#### [Supplied data]

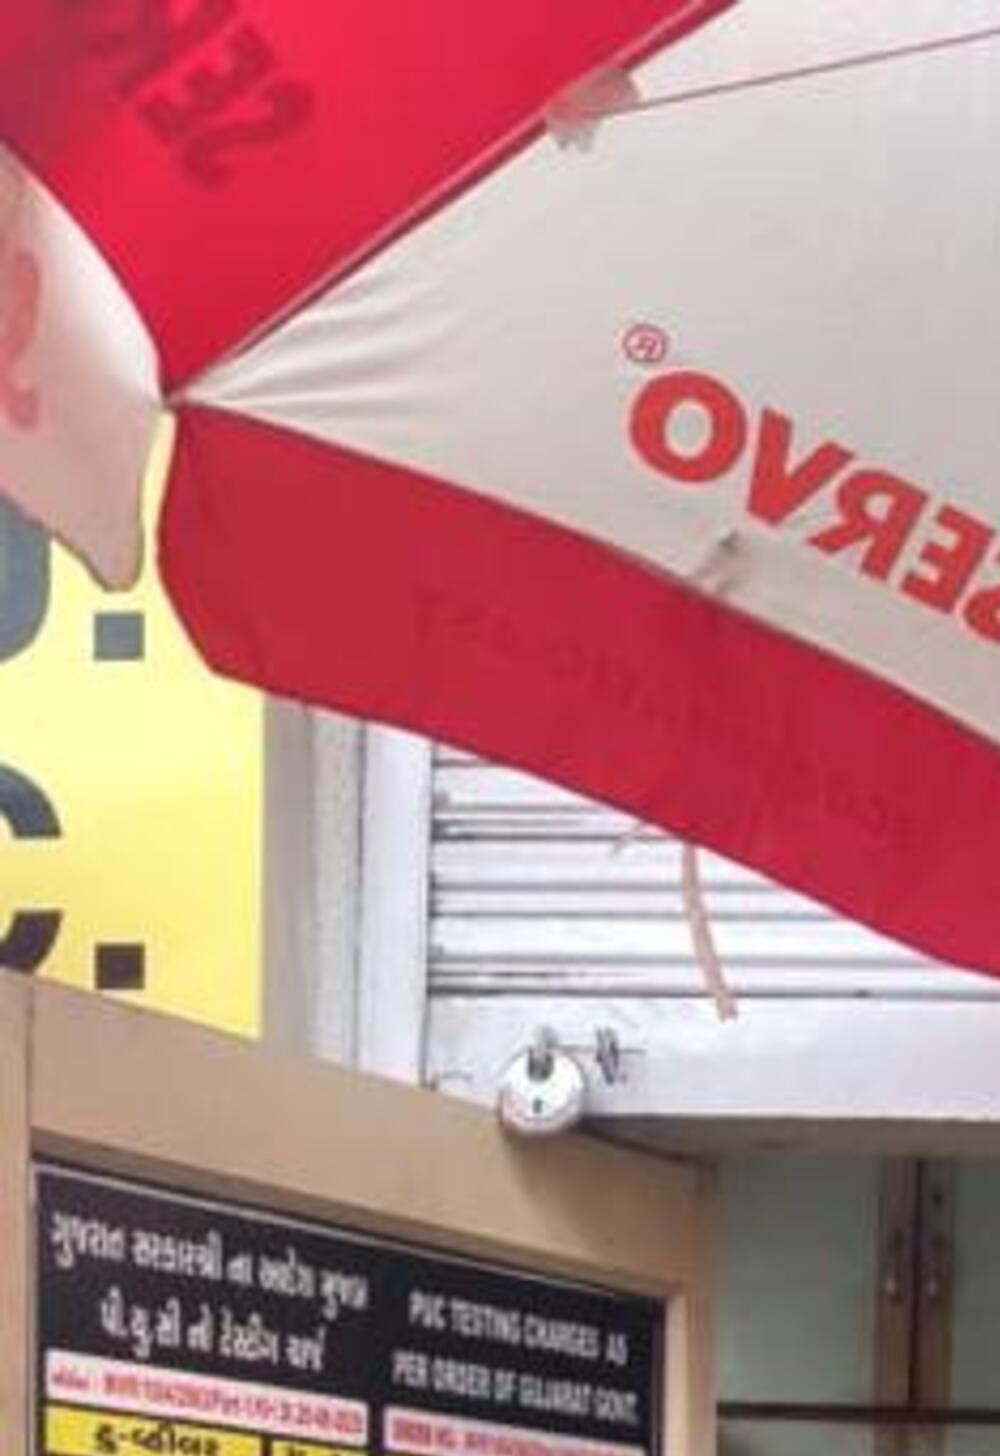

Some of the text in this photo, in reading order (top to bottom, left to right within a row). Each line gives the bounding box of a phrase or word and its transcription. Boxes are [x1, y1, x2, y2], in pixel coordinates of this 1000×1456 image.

[452, 1299, 521, 1345] TESTING
[524, 1314, 598, 1359] CHARGES
[392, 1350, 428, 1388] PER
[431, 1357, 491, 1400] ORDER
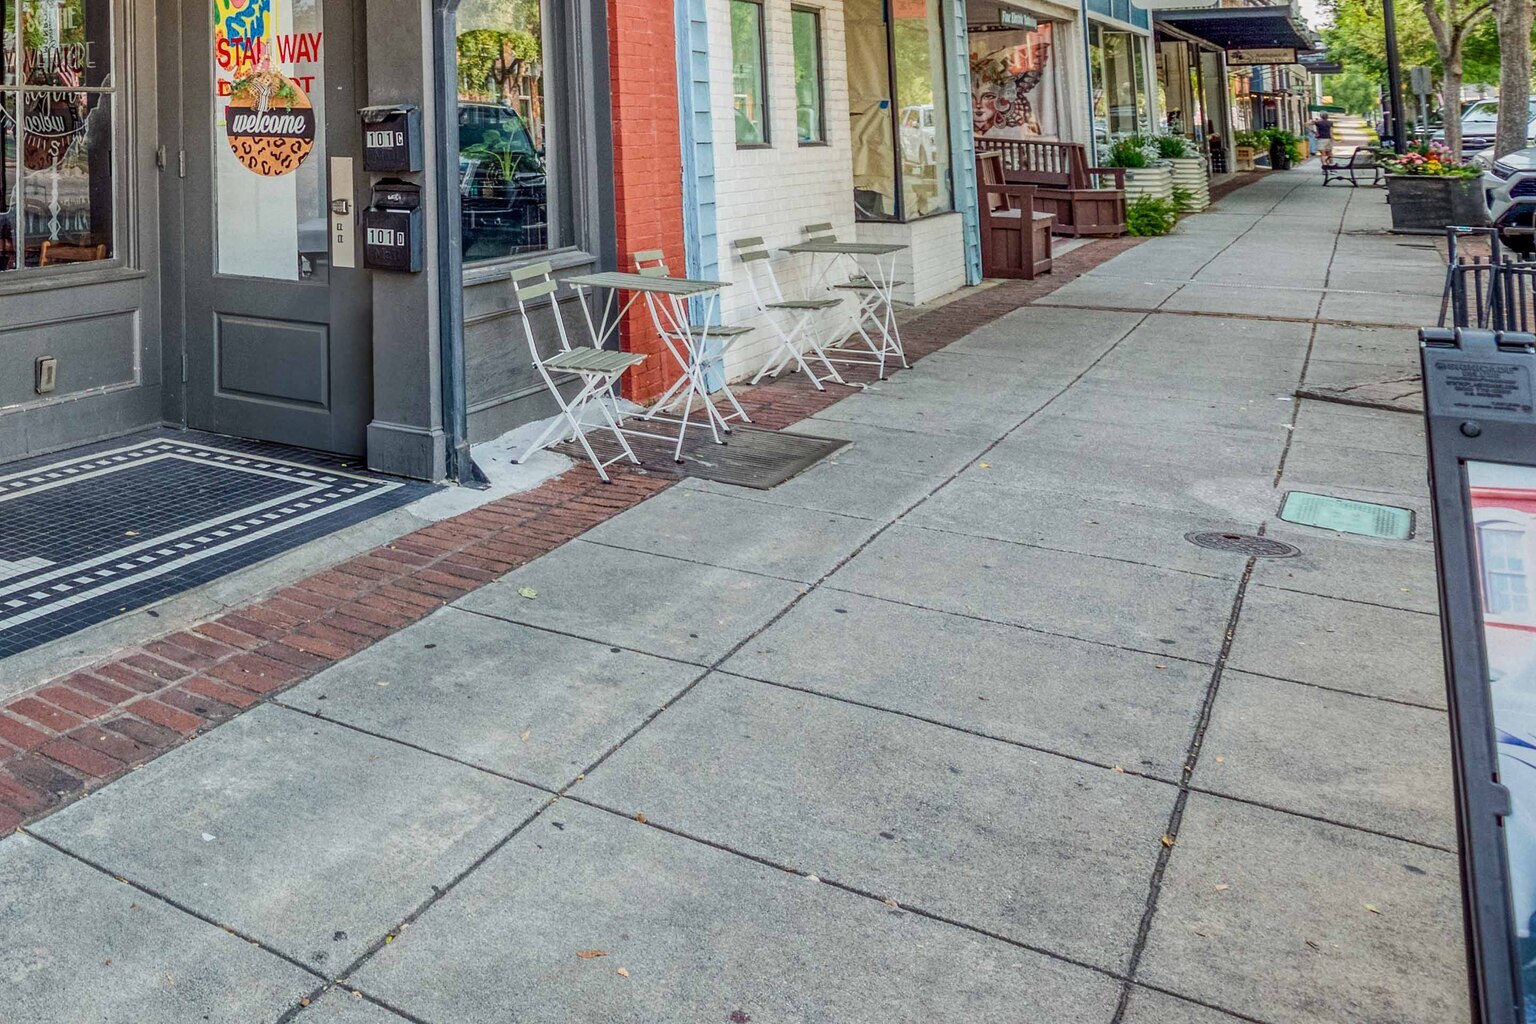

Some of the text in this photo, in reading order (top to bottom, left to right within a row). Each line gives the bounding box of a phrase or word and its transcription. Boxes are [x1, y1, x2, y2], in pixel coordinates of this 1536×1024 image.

[217, 32, 322, 67] STAIWAY
[232, 112, 306, 134] welcome
[369, 132, 392, 146] 101
[370, 230, 392, 244] 101

#### [Try it]
Print out every record above exactly as given. Do not include the pictures.

#### [Answer space]
Some of the text in this photo, in reading order (top to bottom, left to right within a row). Each line gives the bounding box of a phrase or word and its transcription. Boxes are [x1, y1, x2, y2], in pixel coordinates of this 1000×1456 image.

[452, 1299, 521, 1345] TESTING
[524, 1314, 598, 1359] CHARGES
[392, 1350, 428, 1388] PER
[431, 1357, 491, 1400] ORDER

Some of the text in this photo, in reading order (top to bottom, left to right within a row). Each line gives the bounding box of a phrase or word and its transcription. Boxes are [x1, y1, x2, y2], in pixel coordinates of this 1536×1024 image.

[217, 32, 322, 67] STAIWAY
[232, 112, 306, 134] welcome
[369, 132, 392, 146] 101
[370, 230, 392, 244] 101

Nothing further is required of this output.